## Work task
Only those lines from the one with "this 2048×1152 image." through the last line of the material belong in the answer, each repeated exactly.
Material for this exercise section start
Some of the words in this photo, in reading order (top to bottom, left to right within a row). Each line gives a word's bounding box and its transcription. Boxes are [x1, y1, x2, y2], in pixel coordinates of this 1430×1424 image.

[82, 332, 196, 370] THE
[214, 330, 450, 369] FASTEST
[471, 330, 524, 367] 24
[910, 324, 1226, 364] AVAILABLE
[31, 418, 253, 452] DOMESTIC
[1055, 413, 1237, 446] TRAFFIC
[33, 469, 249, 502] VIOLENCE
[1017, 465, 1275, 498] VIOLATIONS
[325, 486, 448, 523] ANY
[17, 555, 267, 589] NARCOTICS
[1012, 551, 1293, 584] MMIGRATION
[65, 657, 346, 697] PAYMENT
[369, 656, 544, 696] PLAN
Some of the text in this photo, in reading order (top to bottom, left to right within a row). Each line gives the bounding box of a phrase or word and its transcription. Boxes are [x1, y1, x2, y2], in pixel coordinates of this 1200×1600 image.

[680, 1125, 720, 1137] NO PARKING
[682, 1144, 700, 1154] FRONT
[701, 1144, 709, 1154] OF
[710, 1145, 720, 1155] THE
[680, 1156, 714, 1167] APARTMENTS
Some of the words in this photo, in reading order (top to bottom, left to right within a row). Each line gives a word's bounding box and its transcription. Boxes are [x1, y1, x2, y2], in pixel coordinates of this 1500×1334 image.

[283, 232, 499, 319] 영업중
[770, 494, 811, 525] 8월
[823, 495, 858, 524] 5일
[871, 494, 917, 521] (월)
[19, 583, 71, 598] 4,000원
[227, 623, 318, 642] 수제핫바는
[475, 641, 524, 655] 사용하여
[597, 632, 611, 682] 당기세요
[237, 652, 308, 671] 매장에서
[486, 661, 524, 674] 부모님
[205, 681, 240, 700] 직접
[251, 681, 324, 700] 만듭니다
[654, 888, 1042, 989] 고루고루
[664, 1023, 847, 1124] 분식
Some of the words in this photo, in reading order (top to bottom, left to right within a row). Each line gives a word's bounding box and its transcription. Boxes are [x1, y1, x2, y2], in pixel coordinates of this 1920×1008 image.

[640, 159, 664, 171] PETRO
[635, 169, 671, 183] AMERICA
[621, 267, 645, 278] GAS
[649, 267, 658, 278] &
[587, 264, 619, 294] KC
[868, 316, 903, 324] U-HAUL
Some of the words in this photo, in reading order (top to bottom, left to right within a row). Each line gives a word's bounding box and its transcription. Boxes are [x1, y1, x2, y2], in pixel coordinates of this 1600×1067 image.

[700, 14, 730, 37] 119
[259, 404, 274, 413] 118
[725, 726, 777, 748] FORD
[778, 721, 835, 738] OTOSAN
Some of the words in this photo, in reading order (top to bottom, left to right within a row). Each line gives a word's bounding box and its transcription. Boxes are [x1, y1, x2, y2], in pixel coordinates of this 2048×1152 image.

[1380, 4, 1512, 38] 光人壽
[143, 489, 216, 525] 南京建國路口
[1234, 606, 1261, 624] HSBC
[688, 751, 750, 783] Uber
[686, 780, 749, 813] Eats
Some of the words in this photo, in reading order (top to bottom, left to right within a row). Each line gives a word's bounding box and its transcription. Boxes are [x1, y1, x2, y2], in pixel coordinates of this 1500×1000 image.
Material for this exercise section end
## Expected output
Some of the words in this photo, in reading order (top to bottom, left to right within a row). Each line gives a word's bounding box and its transcription. Boxes are [x1, y1, x2, y2], in pixel coordinates of this 2048×1152 image.

[1380, 4, 1512, 38] 光人壽
[143, 489, 216, 525] 南京建國路口
[1234, 606, 1261, 624] HSBC
[688, 751, 750, 783] Uber
[686, 780, 749, 813] Eats
Some of the words in this photo, in reading order (top to bottom, left to right within a row). Each line gives a word's bounding box and its transcription. Boxes are [x1, y1, x2, y2], in pixel coordinates of this 1500×1000 image.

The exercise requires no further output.